Plaintiffs Push to Initiate Asbestos Reporting Rules

Last week, various public health and environmental organizations sued to compel the Environmental Protection Agency to initiate an asbestos reporting rule under the Toxic Substances and Control Act (“TSCA”). Plaintiffs seek to compel importers, manufacturers, and possessors of asbestos and asbestos-containing materials to submit reports on the amounts of asbestos imported and used, the sites where use occurs, the nature of the use, and the resulting potential for exposure of workers and the public.

The complaint for declaratory and injunctive relief was filed in District Court for the Northern District of California by the Asbestos Disease Awareness Organization, American Public Health Association, Center for Environmental Health, Environmental Working Group, and Environmental Health Strategy Center. Plaintiffs’ firms Motley Rice, Simmons Hanley Conroy, and Early, Lucarelli, Sweeney & Meisenkothen are sponsors of the Asbestos Disease Awareness Organization’s annual conference.

The EPA “shall promulgate rules” for asbestos reporting as the “Administrator may reasonably require.” Using its TSCA authority, the EPA promulgated the Chemical Data Reporting rule, which requires reporting of all chemicals imported and manufactured in amounts of 25,000 pounds or greater at a site. However, the EPA advised an asbestos manufacturer and importer in a letter that asbestos was not subject to the Chemical Data Reporting rule because it is a naturally occurring chemical substance.

The EPA denied plaintiffs’ December 2018 petition to expand the Chemical Data Reporting requirements, designate asbestos as a reportable substance, and eliminate exemptions. The EPA reasoned that the Chemical Data Reporting rule did not apply to all asbestos manufacturers or importers, and reporting would not provide information that is not already known by the EPA. Following this denial, plaintiffs have a right to de novo review in a judicial proceeding within 60 days.
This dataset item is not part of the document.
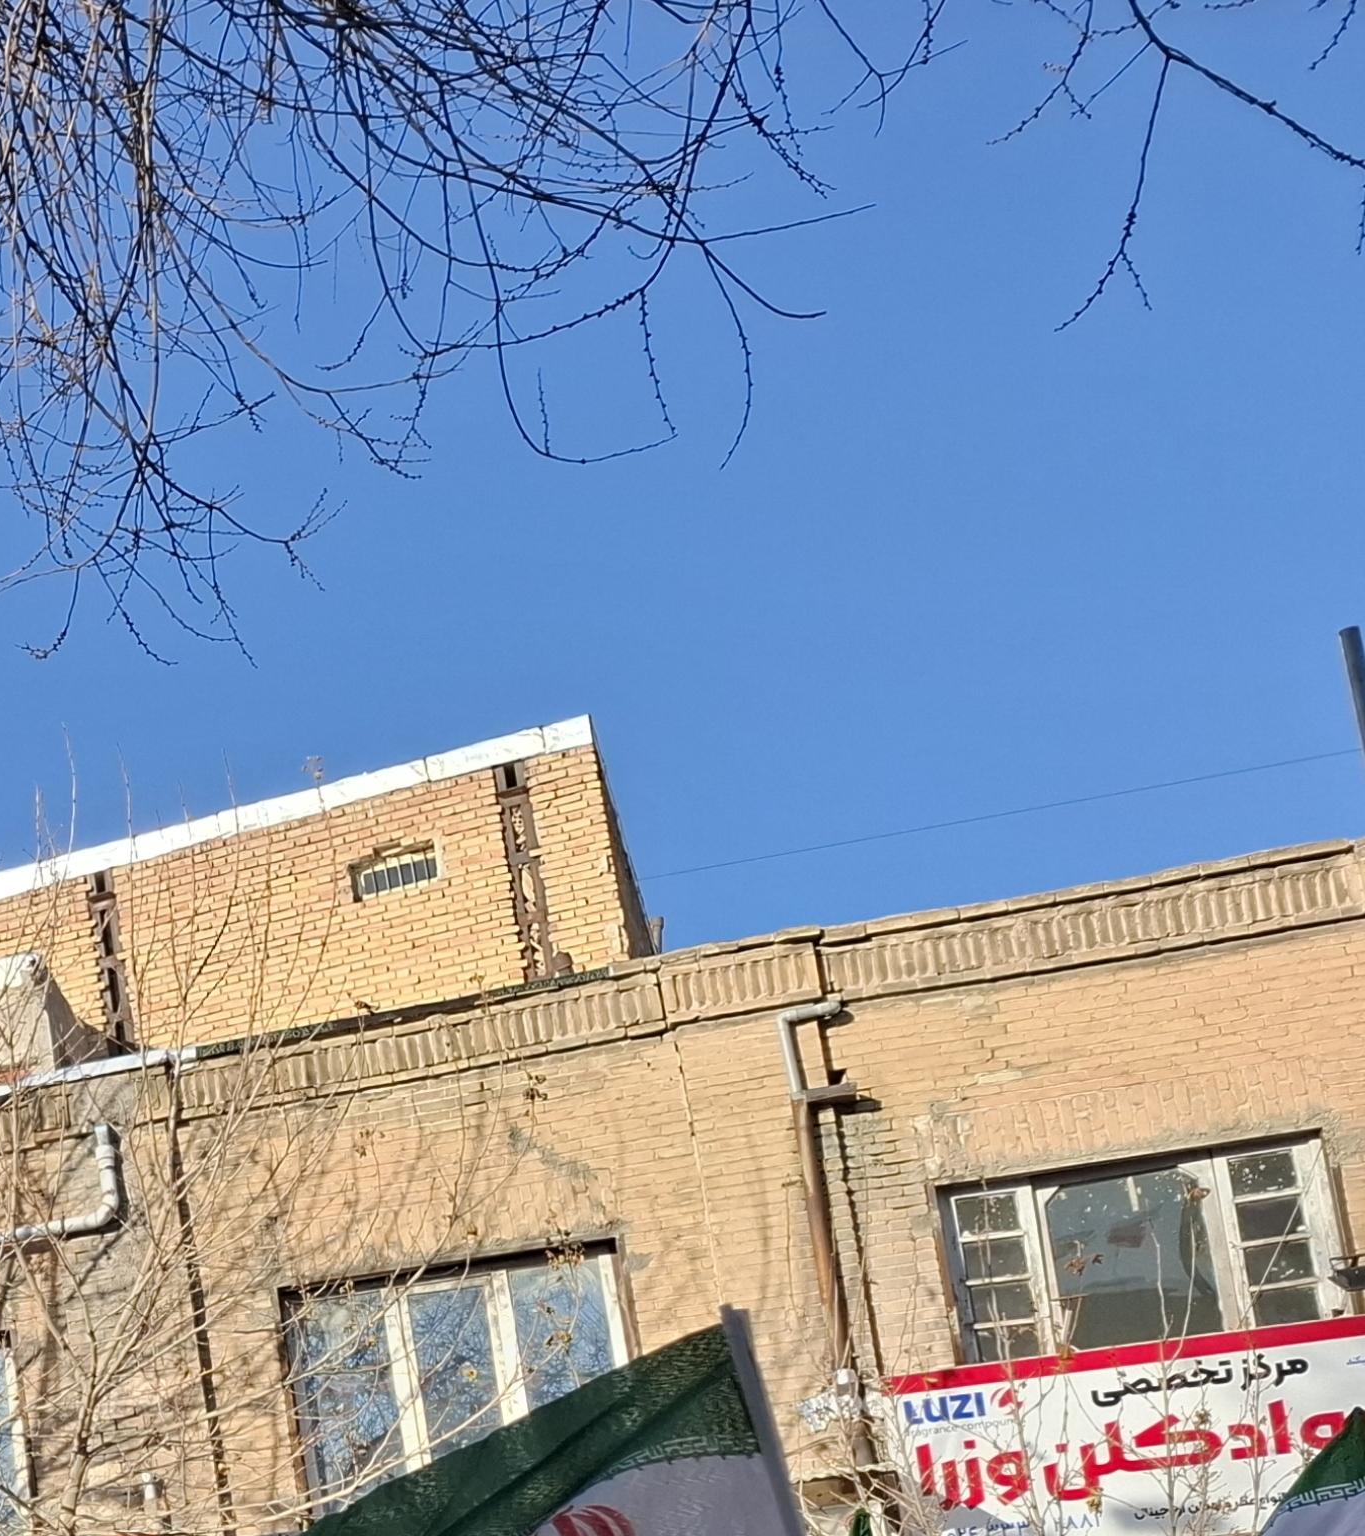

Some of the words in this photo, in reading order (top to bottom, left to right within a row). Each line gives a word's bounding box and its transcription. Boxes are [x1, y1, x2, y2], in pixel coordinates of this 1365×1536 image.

[1090, 1359, 1233, 1408] تخصصی
[1240, 1353, 1309, 1391] مرکز
[903, 1391, 987, 1425] LUZI
[915, 1439, 1030, 1511] وزرا
This lawsuit says asbestos should be subject to the Chemical Data Reporting rule.

This complaint is not alone. Last month, the Attorneys General of 14 states and Washington, D.C. petitioned the EPA to initiate similar rulemaking on asbestos reporting. If a judge rules in favor of the asbestos reporting rule, defendants that manufacture, import, or possess asbesto may be subject to the requirements of the Chemical Data Reporting rule. If an asbestos reporting rule is not initiated, plaintiffs and plaintiffs’ firms will surely continue to challenge the EPA.
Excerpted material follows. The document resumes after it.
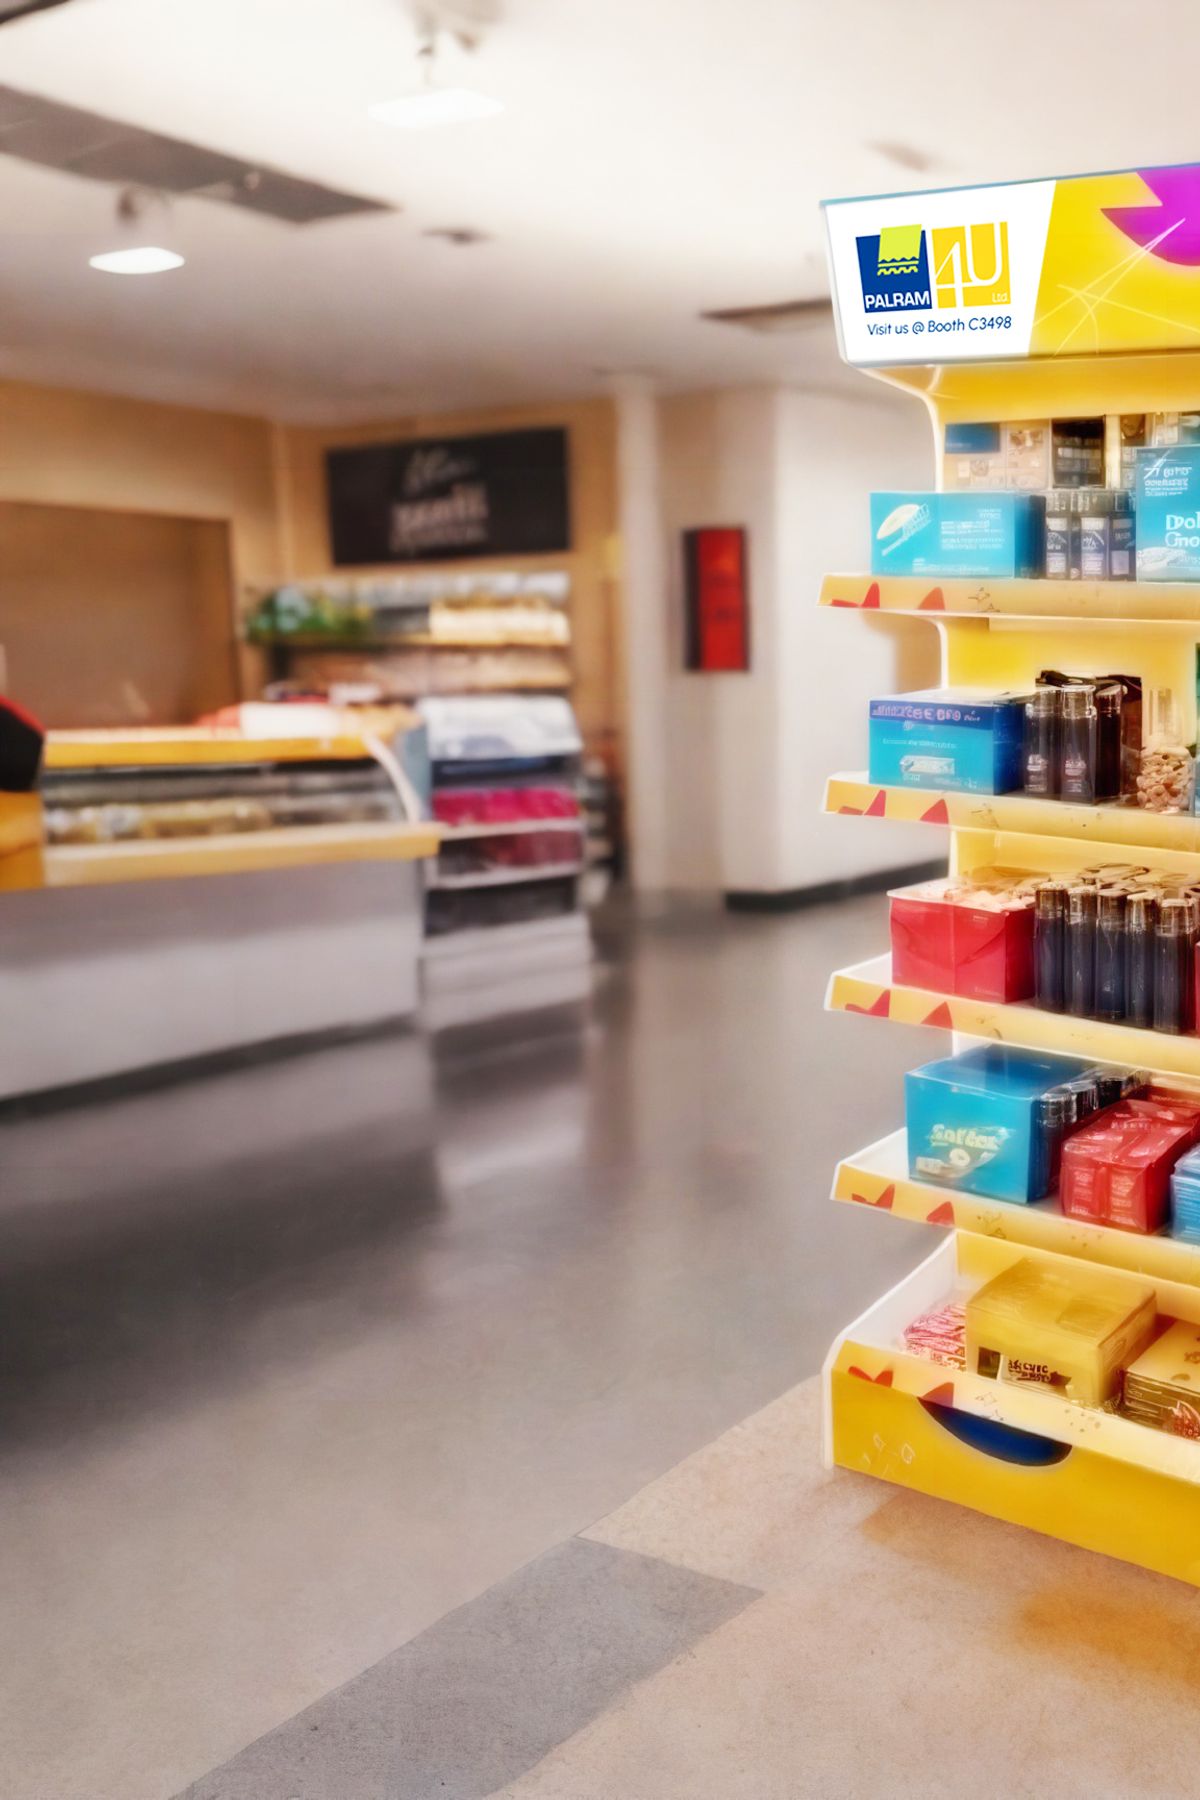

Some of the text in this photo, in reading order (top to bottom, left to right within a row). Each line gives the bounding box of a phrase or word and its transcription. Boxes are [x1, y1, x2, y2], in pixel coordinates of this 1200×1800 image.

[864, 290, 931, 309] PALRAM
[867, 316, 1012, 335] Visit us @ Booth C3498
California Court Makes it Harder for Defense to Defeat Motions for Trial Preference

A recent California Court of Appeal case, Ellis v. Superior Court, adds another challenge for defendants opposing a motion for trial preference in an asbestos case. Ellis dilutes the standard and shuts down ways for litigants to attack motions for preference.
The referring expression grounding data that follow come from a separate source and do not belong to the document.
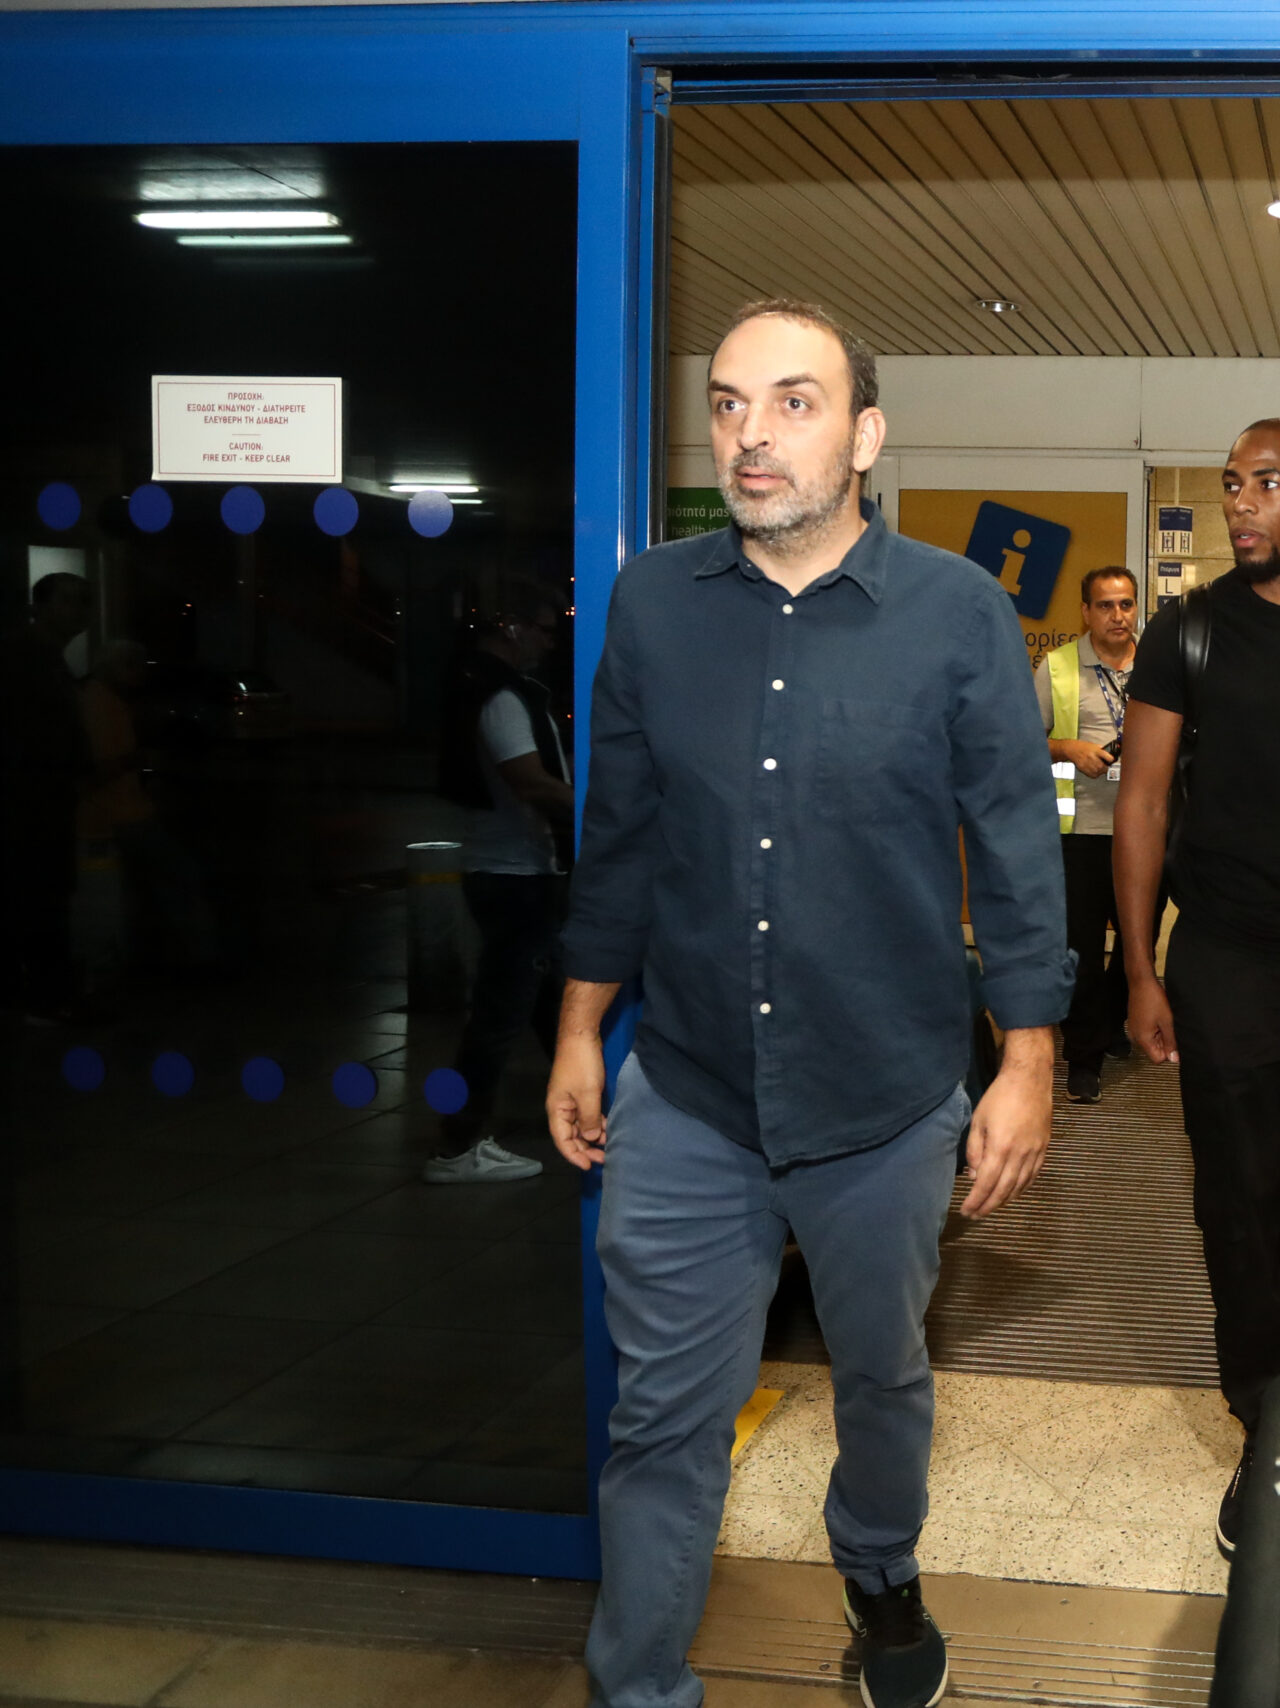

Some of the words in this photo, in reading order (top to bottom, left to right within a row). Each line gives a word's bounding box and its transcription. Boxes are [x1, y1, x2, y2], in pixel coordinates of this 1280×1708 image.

[187, 404, 215, 412] ΕΞΟΔΟΣ
[218, 404, 255, 413] ΚΙΝΔΥΝΟΥ
[263, 405, 306, 413] ΔΙΑΤΗΡΕΙΤΕ
[204, 416, 242, 424] ΕΛΕΥΘΕΡΗ
[245, 416, 254, 424] ΤΗ
[256, 416, 289, 425] ΔΙΑΒΑΣΗ
[203, 454, 219, 462] FIRE
[222, 454, 237, 462] EXIT
[245, 454, 264, 462] KEEP
[266, 455, 291, 463] CLEAR
[1165, 578, 1173, 594] L
California requires a court to grant trial preference and set the case for trial within 120 days if the moving party is over 70 years old, has a substantial interest in the case, and his or her “health . . . is such that a preference is necessary to avoid prejudicing the party’s interest in the litigation.”

Plaintiff David Ellis moved for trial preference. It was based on Ellis’s declaration that he was age 75 and suffering from asbestos-related metastatic kidney cancer, pleural disease from exposure to asbestos-containing materials, and a host of other related illnesses. The motion was accompanied by declarations from Ellis’s attorney and expert, a cardiologist. The trial court denied Ellis’s motion for preference, ruling that the expert was not qualified to opine as to Ellis’s condition (in contrast to, for example, the oncologist who regularly saw Ellis). The court also ruled that the records considered by the expert were undated and vague.

The California Court of Appeal vacated the trial court’s decision as an abuse of discretion. The Court of Appeal found that the trial court “overlooked undisputed, convincing evidence” that the expert had extensive experience in internal medicine and was therefore qualified to opine on Ellis’s condition. The court so ruled even though the expert last examined Ellis in 2016, two years before the motion for preference. The court also found that even though the expert only vaguely described the medical records in his declaration, that was enough: “[H]is 2016 report and his declaration identifies and discusses a number of the extensive records and tests he administered and/or considered” in treating Ellis.

The Ellis decision further lowers the bar for preference. The same court recently decided Fox v. Metalclad Insulation, LLC,  which also reversed a trial court’s denial of plaintiff’s motion for preference. The defense in Fox argued that plaintiff’s declarations failed to demonstrate that plaintiff’s health necessitated the granting of preference. The defense in Ellis did not dispute the severity of Ellis’s illness, but that Ellis’s showing of preference was insufficient. In Ellis, the expert’s declaration lacked the right type of medical foundation and was based on his examination of Ellis from two years earlier. However, the court’s decision indicates that plaintiffs can have any doctor submit a declaration, and can rely on vaguely-described medical records without plaintiff undergoing an updated medical examination.

Ellis is (at least for now) an unpublished opinion, which is helpful to defendants because plaintiffs cannot cite it as precedent in California courts. Nevertheless, Ellis tells us where the courts are going on preference issues.